= What needs to be done =
Would you reproduce every record exactly, leaving out the pictures?

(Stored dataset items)
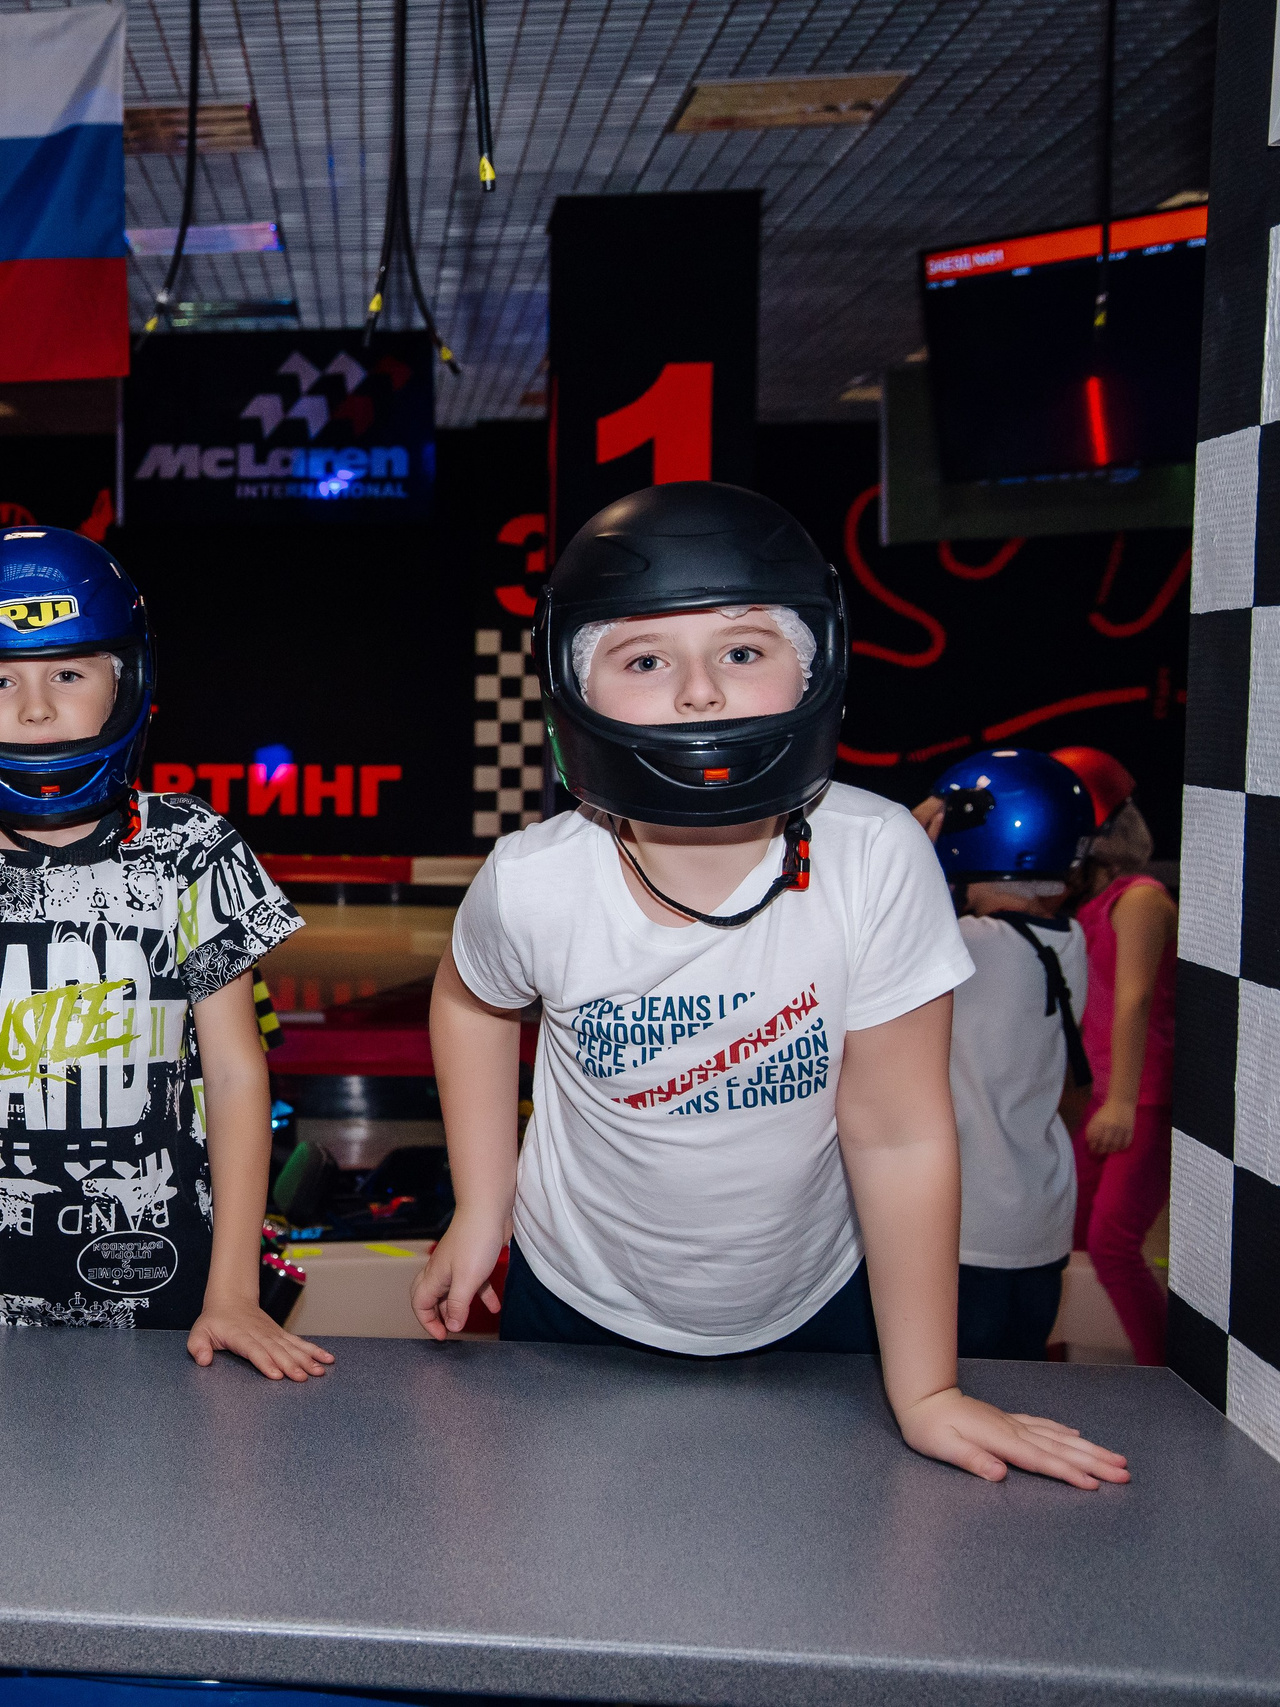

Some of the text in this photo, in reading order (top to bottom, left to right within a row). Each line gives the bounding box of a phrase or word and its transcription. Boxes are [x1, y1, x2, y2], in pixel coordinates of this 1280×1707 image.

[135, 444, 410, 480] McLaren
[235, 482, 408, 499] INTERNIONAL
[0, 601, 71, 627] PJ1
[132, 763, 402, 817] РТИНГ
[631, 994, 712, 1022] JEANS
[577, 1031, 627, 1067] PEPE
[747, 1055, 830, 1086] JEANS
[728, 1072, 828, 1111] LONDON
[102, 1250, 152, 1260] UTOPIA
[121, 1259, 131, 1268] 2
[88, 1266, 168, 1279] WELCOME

= The answer =
Some of the text in this photo, in reading order (top to bottom, left to right within a row). Each line gives the bounding box of a phrase or word and its transcription. Boxes are [x1, y1, x2, y2], in pixel coordinates of this 1280×1707 image.

[135, 444, 410, 480] McLaren
[235, 482, 408, 499] INTERNIONAL
[0, 601, 71, 627] PJ1
[132, 763, 402, 817] РТИНГ
[631, 994, 712, 1022] JEANS
[577, 1031, 627, 1067] PEPE
[747, 1055, 830, 1086] JEANS
[728, 1072, 828, 1111] LONDON
[102, 1250, 152, 1260] UTOPIA
[121, 1259, 131, 1268] 2
[88, 1266, 168, 1279] WELCOME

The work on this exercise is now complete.